What the exercise asks: Output exactly the line containing "Some of the words" and each line after it through the last line of the records, and nothing else.

══════

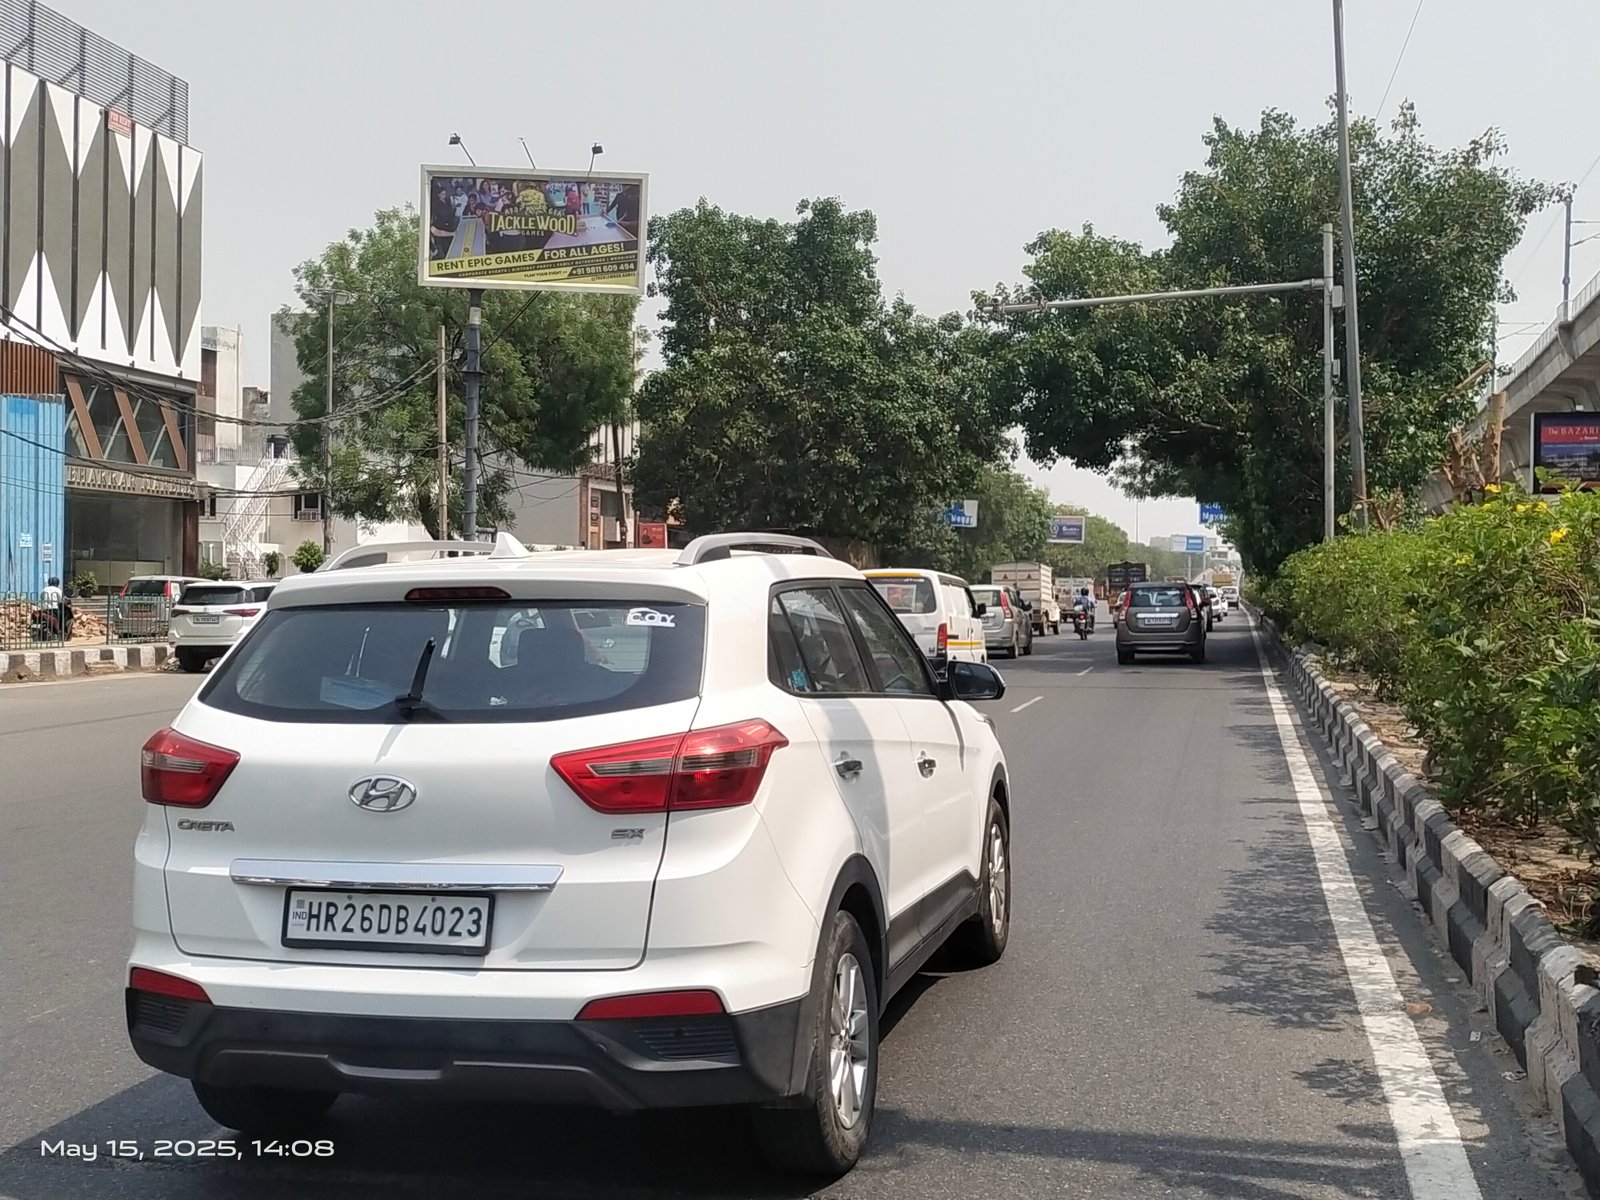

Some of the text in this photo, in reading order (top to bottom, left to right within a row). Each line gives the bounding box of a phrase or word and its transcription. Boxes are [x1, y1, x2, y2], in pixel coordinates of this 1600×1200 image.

[488, 211, 576, 235] TACKLEWOOD
[436, 242, 625, 271] RENT EPIC GAMES FOR ALL AGES!
[571, 262, 635, 275] +91 9811 609 494
[177, 818, 235, 832] CRETA
[292, 900, 482, 937] IND HR26DB4023
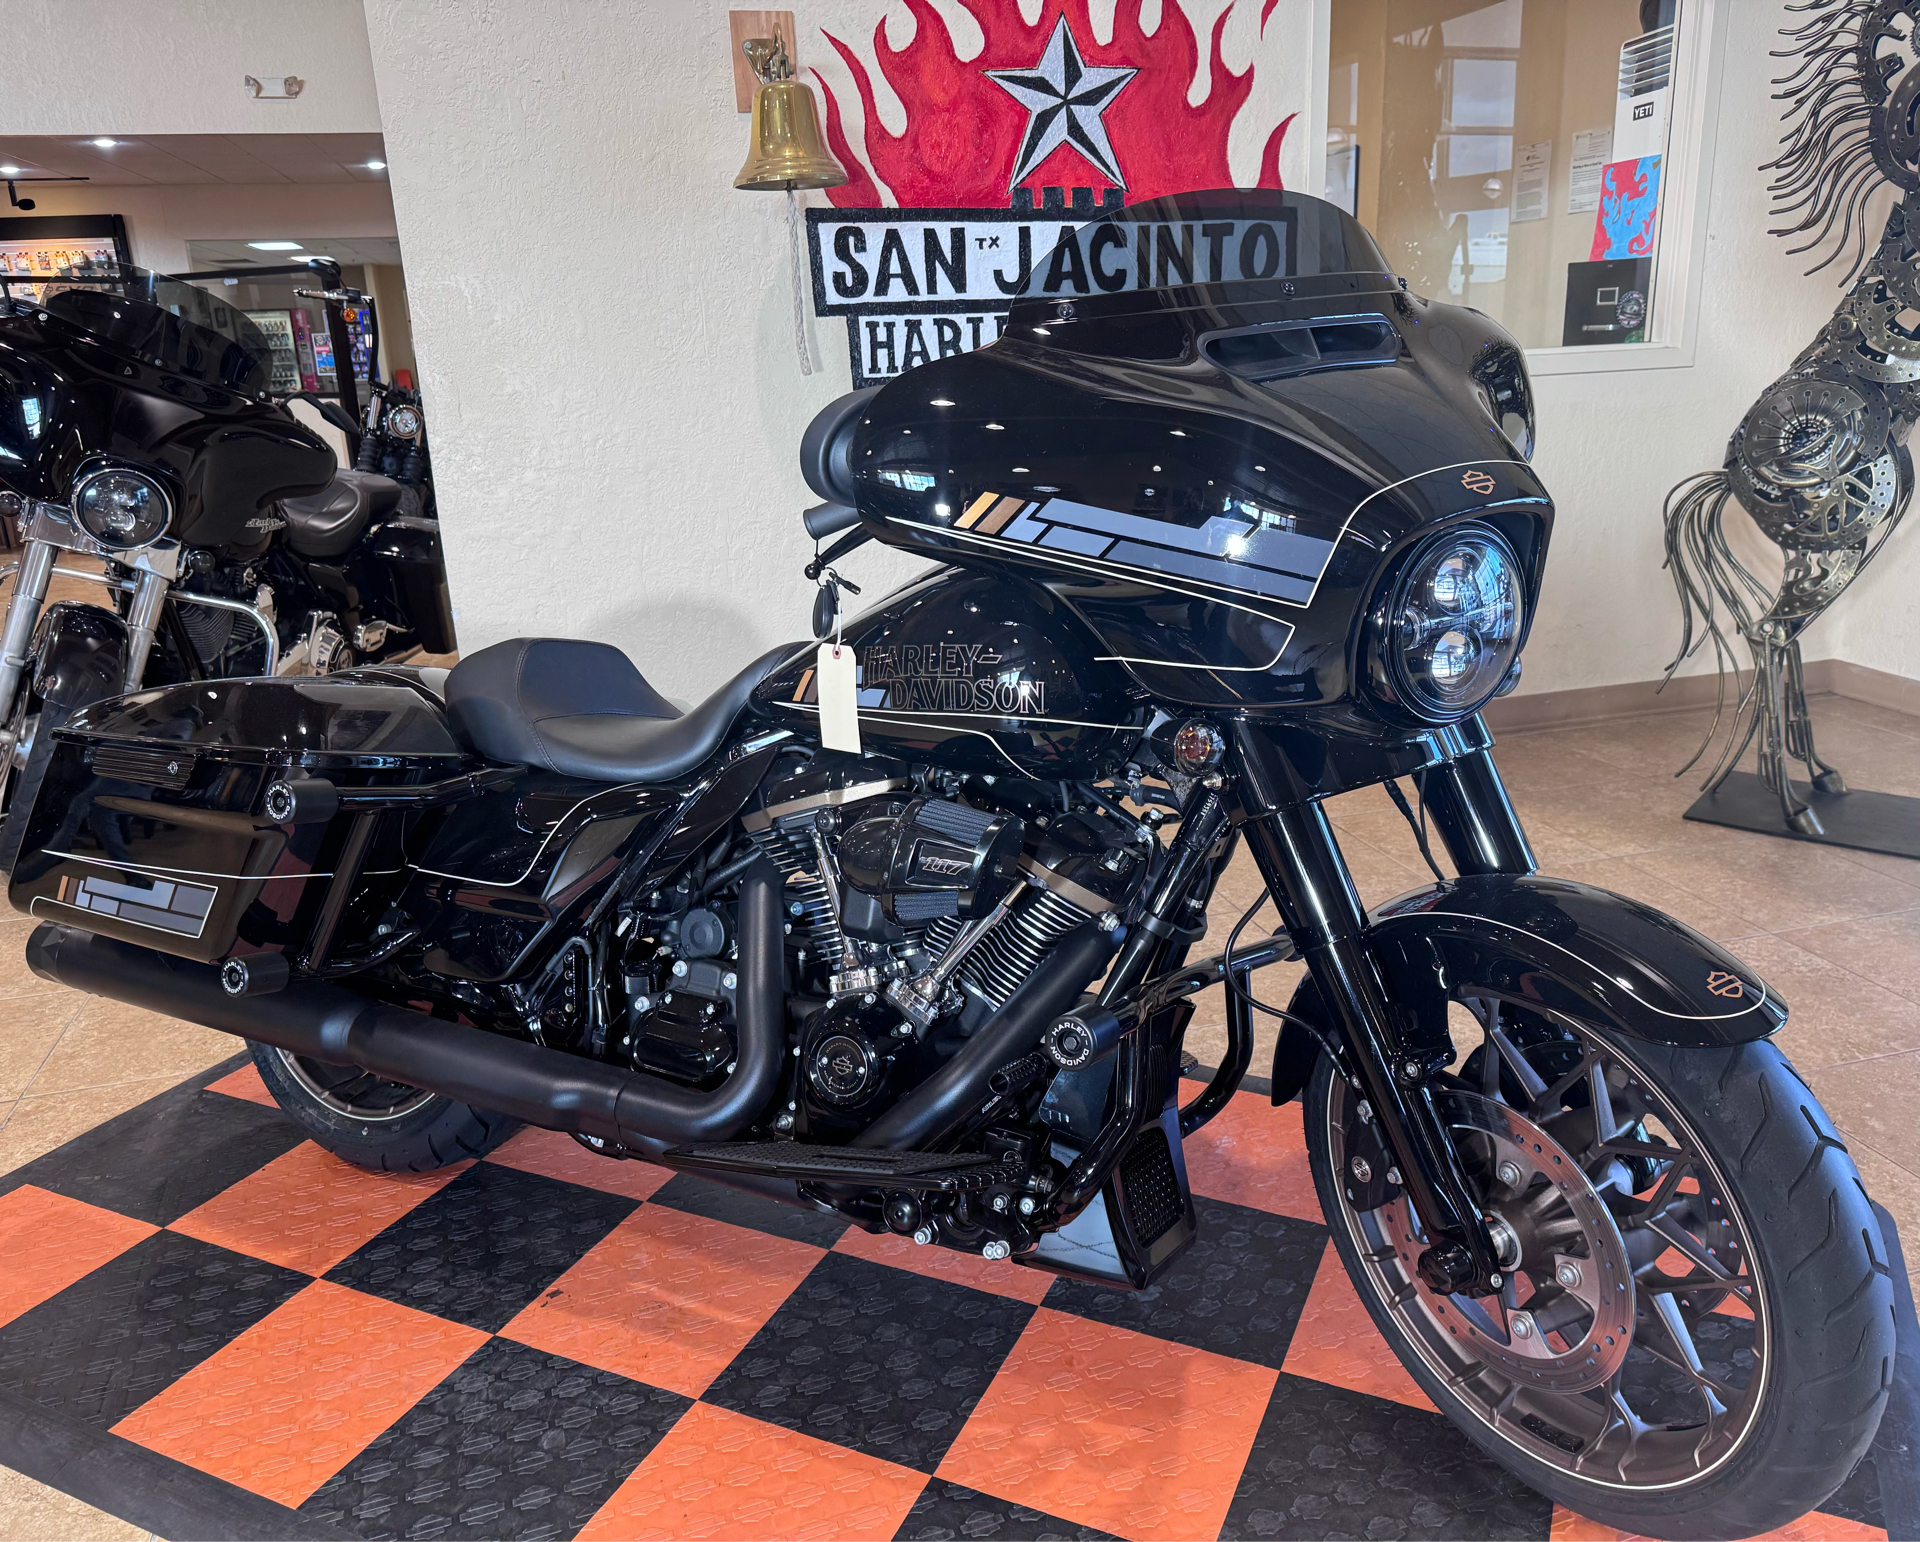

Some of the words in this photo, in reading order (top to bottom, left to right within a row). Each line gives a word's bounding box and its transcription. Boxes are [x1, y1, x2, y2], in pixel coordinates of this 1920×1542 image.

[1634, 105, 1653, 118] YETI
[832, 224, 968, 298] SAN
[974, 235, 1000, 250] TX
[993, 221, 1282, 295] JACINTO
[889, 678, 1046, 715] DAVIDSON
[920, 856, 973, 876] 117
[1051, 1022, 1088, 1037] HARLEY
[1050, 1046, 1090, 1066] DAVIDSON

══════

Problem solution:
Some of the words in this photo, in reading order (top to bottom, left to right within a row). Each line gives a word's bounding box and its transcription. Boxes are [x1, y1, x2, y2], in pixel coordinates of this 1920×1542 image.

[1634, 105, 1653, 118] YETI
[832, 224, 968, 298] SAN
[974, 235, 1000, 250] TX
[993, 221, 1282, 295] JACINTO
[889, 678, 1046, 715] DAVIDSON
[920, 856, 973, 876] 117
[1051, 1022, 1088, 1037] HARLEY
[1050, 1046, 1090, 1066] DAVIDSON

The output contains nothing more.